• _DATASET_

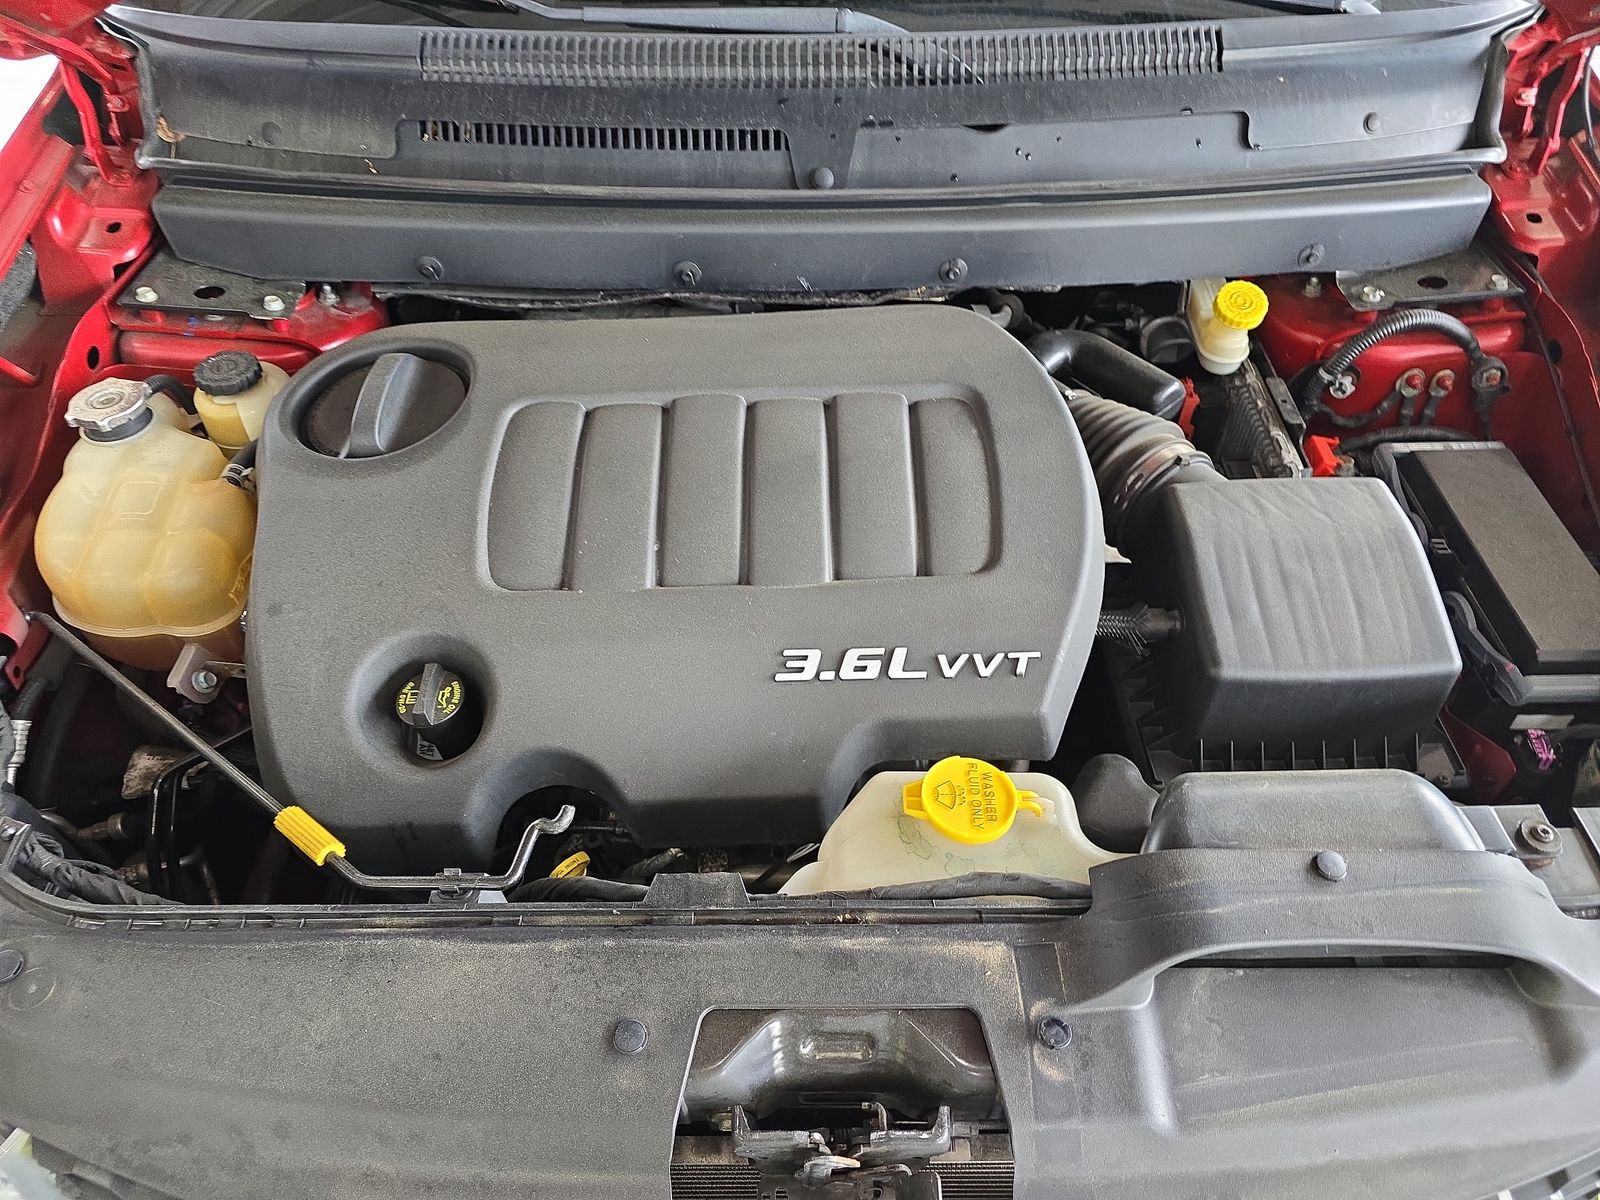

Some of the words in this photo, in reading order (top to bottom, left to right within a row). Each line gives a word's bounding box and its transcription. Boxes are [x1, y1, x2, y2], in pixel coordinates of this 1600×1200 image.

[774, 647, 928, 682] 3.6L
[936, 651, 1042, 679] VVT
[451, 681, 461, 704] ENGINE
[443, 704, 456, 714] OIL
[966, 763, 980, 796] FLUID
[982, 771, 998, 823] WASHER
[970, 799, 985, 830] ONLY

• _TASK TO COMPLETE_
What is needed is every line of the data above, set down exactly but with the images left out.

• _TASK RESULT_
Some of the words in this photo, in reading order (top to bottom, left to right within a row). Each line gives a word's bounding box and its transcription. Boxes are [x1, y1, x2, y2], in pixel coordinates of this 1600×1200 image.

[774, 647, 928, 682] 3.6L
[936, 651, 1042, 679] VVT
[451, 681, 461, 704] ENGINE
[443, 704, 456, 714] OIL
[966, 763, 980, 796] FLUID
[982, 771, 998, 823] WASHER
[970, 799, 985, 830] ONLY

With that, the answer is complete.